When it was initially recommended for the book group, even the chooser had some slight reservation about its length and suitability for a book group read. There are no real hard and fast rules about books for book groups, each to there own. But it has to be practical to be able to read the book in the time between meetings most groups meet month to month although some may make it shorter due to being made up solely of housewives or retired members, who might have a bit more time on their hands. Although that said, I respect that housewives lead very busy lives too and are not spending their days sipping latté’s, watching daytime TV and reading.

One of the group, bought the audio version, due to difficulties in sourcing a copy (I can assure you it is quite widely available) and said it was the best way to read it as the narrator David Rintoul really brought it to life with his pronunciation of the French names and place names.

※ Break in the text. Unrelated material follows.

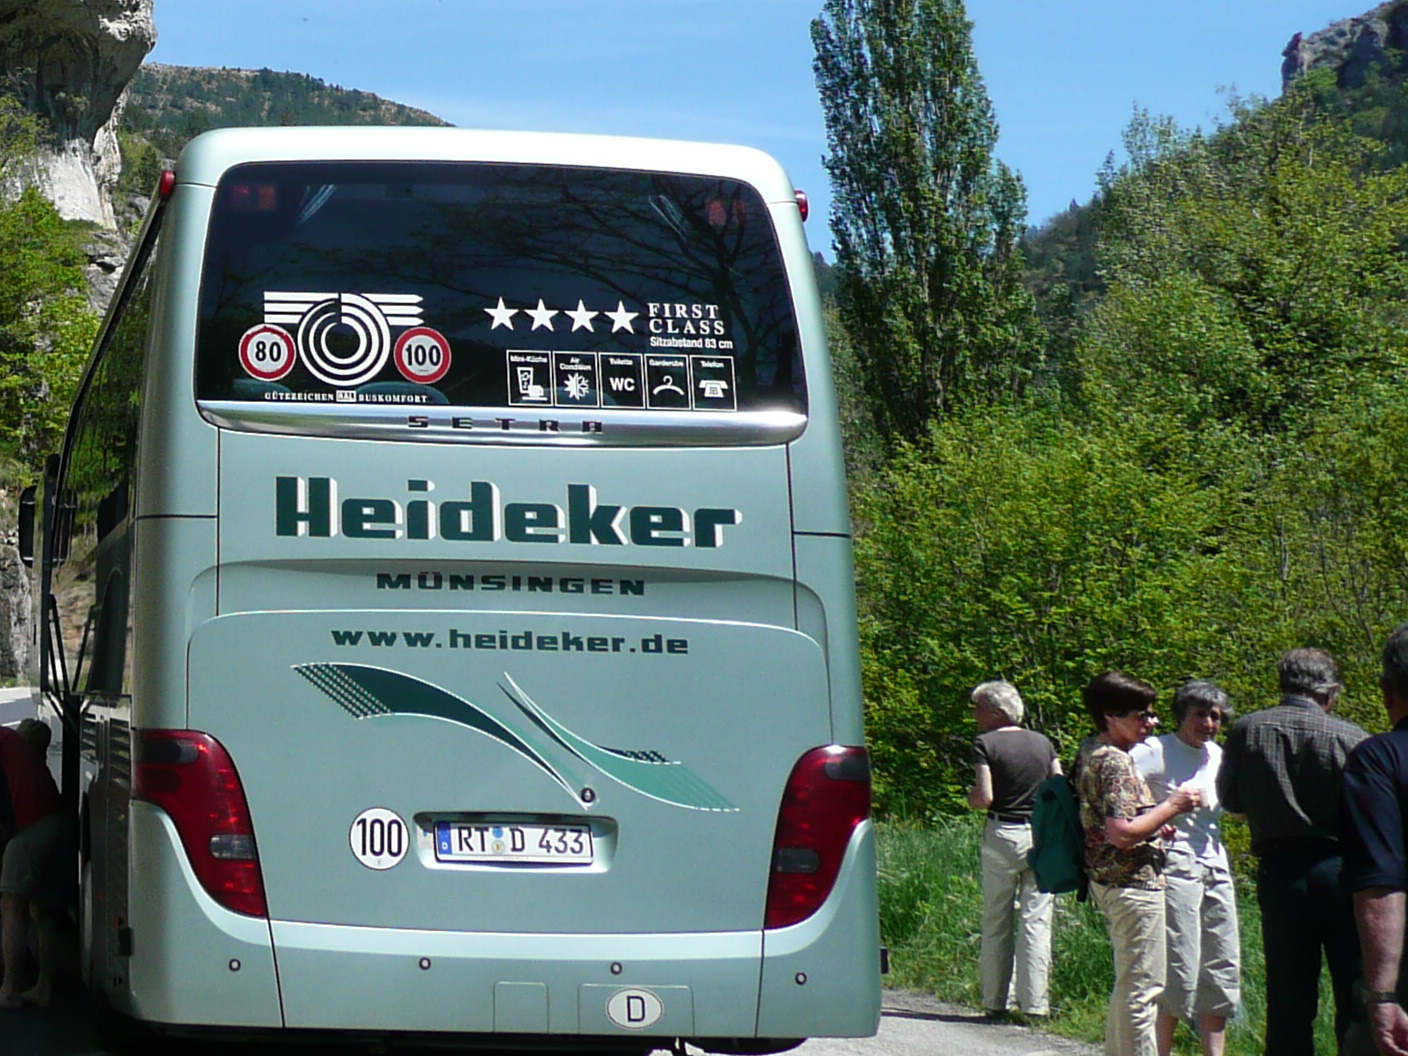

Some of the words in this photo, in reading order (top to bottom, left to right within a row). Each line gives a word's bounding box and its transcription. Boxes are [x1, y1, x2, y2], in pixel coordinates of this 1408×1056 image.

An Officer and a Spy takes a long drawn out piece of French history and turns it into an engrossing page turner. Another member of the group read it over the Easter weekend just gone, that’s almost 500 pages in four days. Personally, I had the book finished with a week to spare before book group. Evidence, if it was needed, that this book really hooks the reader from the first page to the four hundred and seventy ninth with its gripping narrative, cast of well drawn characters and tension filled story-line.

In the past I’ve often berated books for being over crowded with characters, but in this book, Harris’s skilled penmanship makes sure that they don’t detract from the story-line and the role of the main character Piquart. It takes a certain skill to make a piece of history tantalizing and Harris is a master at this having done it numerous times before, for example creating an alternative ending to the Second World War as a basis for a detective novel in Fatherland. Similarly Pompeii is used as the setting of  a thriller set days before the eruption, Enigma is set around the code breakers of Bletchley in WWII and Archangel a mystery around the death of Stalin and his apparent heir.

Just researching these other titles for this piece has me salivating Fear Indexover them. Only the other day I discovered a friend had given me a copy of Harris’s 2011 book The Fear Index. This will definitely be moved up the bedside locker TBR pile and may even accompany me on a weeks hiking in the Derbyshire Peak District later this year.

They say the past is another country; it may be set in another country in this book. But Harris makes it very real and one of the best history lessons I’ve had in a while, sorry Mr. Walsh. So take my advice, hop on your bike and pedal to the shops for a copy of this book, some croissants and French roast coffee. Then lock the door, dig out your favourite beret and settle in for an amazing read that will leave you breathless even before the Tour De France starts.